**Exercise directions**
Repeat all of the entries, please, keeping each line exact.

**Records to use**
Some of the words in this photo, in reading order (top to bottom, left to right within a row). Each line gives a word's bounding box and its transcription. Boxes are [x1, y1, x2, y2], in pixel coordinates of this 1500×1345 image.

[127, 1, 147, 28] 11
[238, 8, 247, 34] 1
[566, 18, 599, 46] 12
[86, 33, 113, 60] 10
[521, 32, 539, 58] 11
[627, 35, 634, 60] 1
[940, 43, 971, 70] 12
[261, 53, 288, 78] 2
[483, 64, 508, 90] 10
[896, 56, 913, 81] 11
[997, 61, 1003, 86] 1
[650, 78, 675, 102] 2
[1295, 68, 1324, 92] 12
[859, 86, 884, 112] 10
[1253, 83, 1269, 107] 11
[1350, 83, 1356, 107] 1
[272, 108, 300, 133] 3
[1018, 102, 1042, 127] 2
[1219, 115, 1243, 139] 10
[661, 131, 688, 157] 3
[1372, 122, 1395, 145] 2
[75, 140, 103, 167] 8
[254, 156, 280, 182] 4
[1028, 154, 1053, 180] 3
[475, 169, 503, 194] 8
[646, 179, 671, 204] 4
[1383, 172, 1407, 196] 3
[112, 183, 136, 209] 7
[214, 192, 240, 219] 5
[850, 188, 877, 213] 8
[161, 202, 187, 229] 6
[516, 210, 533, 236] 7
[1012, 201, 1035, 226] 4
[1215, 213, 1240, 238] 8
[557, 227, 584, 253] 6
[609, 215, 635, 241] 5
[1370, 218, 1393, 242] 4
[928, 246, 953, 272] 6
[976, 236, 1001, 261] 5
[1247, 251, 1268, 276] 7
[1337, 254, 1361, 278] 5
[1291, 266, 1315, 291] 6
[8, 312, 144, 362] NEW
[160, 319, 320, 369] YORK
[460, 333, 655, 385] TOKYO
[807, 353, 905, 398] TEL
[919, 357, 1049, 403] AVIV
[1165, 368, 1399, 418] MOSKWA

**Written solution**
Some of the words in this photo, in reading order (top to bottom, left to right within a row). Each line gives a word's bounding box and its transcription. Boxes are [x1, y1, x2, y2], in pixel coordinates of this 1500×1345 image.

[127, 1, 147, 28] 11
[238, 8, 247, 34] 1
[566, 18, 599, 46] 12
[86, 33, 113, 60] 10
[521, 32, 539, 58] 11
[627, 35, 634, 60] 1
[940, 43, 971, 70] 12
[261, 53, 288, 78] 2
[483, 64, 508, 90] 10
[896, 56, 913, 81] 11
[997, 61, 1003, 86] 1
[650, 78, 675, 102] 2
[1295, 68, 1324, 92] 12
[859, 86, 884, 112] 10
[1253, 83, 1269, 107] 11
[1350, 83, 1356, 107] 1
[272, 108, 300, 133] 3
[1018, 102, 1042, 127] 2
[1219, 115, 1243, 139] 10
[661, 131, 688, 157] 3
[1372, 122, 1395, 145] 2
[75, 140, 103, 167] 8
[254, 156, 280, 182] 4
[1028, 154, 1053, 180] 3
[475, 169, 503, 194] 8
[646, 179, 671, 204] 4
[1383, 172, 1407, 196] 3
[112, 183, 136, 209] 7
[214, 192, 240, 219] 5
[850, 188, 877, 213] 8
[161, 202, 187, 229] 6
[516, 210, 533, 236] 7
[1012, 201, 1035, 226] 4
[1215, 213, 1240, 238] 8
[557, 227, 584, 253] 6
[609, 215, 635, 241] 5
[1370, 218, 1393, 242] 4
[928, 246, 953, 272] 6
[976, 236, 1001, 261] 5
[1247, 251, 1268, 276] 7
[1337, 254, 1361, 278] 5
[1291, 266, 1315, 291] 6
[8, 312, 144, 362] NEW
[160, 319, 320, 369] YORK
[460, 333, 655, 385] TOKYO
[807, 353, 905, 398] TEL
[919, 357, 1049, 403] AVIV
[1165, 368, 1399, 418] MOSKWA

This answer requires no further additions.